Grupo López Jordán

sábado, 17 de marzo de 2007

Democracia Socialista del Siglo XXI

Recrudecen los ataques ideológicos y políticos de la canalla nacional e internacional contra la democracia socialista del siglo XXI en Venezuela, acusan al proceso bolivariano de ser una dictadura y los críticos más exquisitos dicen que se trata de una dictadura democrática; de esta manera calumnian a la nueva democracia socialista, que por primera vez en nuestra patria es no sólo una democracia para los sectores patrióticos sino también para quienes lo adversan.

La democracia socialista del siglo XXI se transforma de manera pacífica mediante la batalla de las ideas, fuente única para el esclarecimiento de la verdad avalada por la práctica. Esta democracia participativa, protagónica y humanista se materializa en los consejos comunales, en el poder popular, que es contrario al poder hegemónico, al poder dictatorial.

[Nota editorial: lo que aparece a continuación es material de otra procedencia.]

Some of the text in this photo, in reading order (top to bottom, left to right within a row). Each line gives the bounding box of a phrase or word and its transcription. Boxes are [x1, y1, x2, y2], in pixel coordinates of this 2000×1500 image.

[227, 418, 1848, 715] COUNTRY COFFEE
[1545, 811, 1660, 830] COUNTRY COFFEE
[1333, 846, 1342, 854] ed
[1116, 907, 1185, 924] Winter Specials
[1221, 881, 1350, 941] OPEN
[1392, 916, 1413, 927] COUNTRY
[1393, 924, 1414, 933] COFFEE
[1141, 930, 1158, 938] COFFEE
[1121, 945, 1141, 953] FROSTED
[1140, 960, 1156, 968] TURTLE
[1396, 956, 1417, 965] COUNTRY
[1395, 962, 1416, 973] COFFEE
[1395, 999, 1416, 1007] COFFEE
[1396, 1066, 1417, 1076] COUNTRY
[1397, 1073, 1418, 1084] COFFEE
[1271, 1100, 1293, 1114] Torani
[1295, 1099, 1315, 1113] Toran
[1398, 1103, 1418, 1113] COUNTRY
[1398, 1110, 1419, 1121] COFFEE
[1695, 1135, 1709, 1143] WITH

El Estado burgués, según la teoría científica de Marx, Federico Engels y V.I. Lenin, es el encargado de garantizarles a la burguesía y al imperialismo norteamericano, la explotación de los trabajadores y de los pueblos, que le permite crear unos polos de riquezas y otros de miseria.

Este dominio puede ser violento cuando los trabajadores y los pueblos luchan por sus reivindicaciones, y pacífico cuando los trabajadores y los pueblos comparten la ideología de los explotadores y son sumisos. Por esto la democracia de la IV República tiene este doble carácter: dictadura violenta y dictadura pacífica.

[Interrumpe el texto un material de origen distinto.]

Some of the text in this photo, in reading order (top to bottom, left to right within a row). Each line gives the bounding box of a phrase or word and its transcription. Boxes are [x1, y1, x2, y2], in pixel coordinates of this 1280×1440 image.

La democracia participativa, protagónica y su desarrollo está prevista también en la Teoría de Estado de Carlos Marx, porque en este caso el Estado revolucionario, el poder popular de los consejos comunales tiene como finalidad liquidar la explotación del hombre por el hombre e instaurar el socialismo; por ello el Estado socialista es la expresión de los intereses de todos los pueblos, de todos los patriotas, es portador de todo lo que beneficie a la humanidad; por esto no se puede hablar de dictadura democrática y es una calumnia contra el proceso venezolano. Por esta razón, este socialismo humanista avanza por América Latina; ya no es “el fantasma que recorre el mundo” como decía Carlos Marx en 1848; hoy son millones de mujeres y hombres que luchan por la vida, por su liberación, rompiendo las cadenas de la opresión mediante la solidaridad, la ayuda mutua entre las economías complementarias de América Latina y el mundo.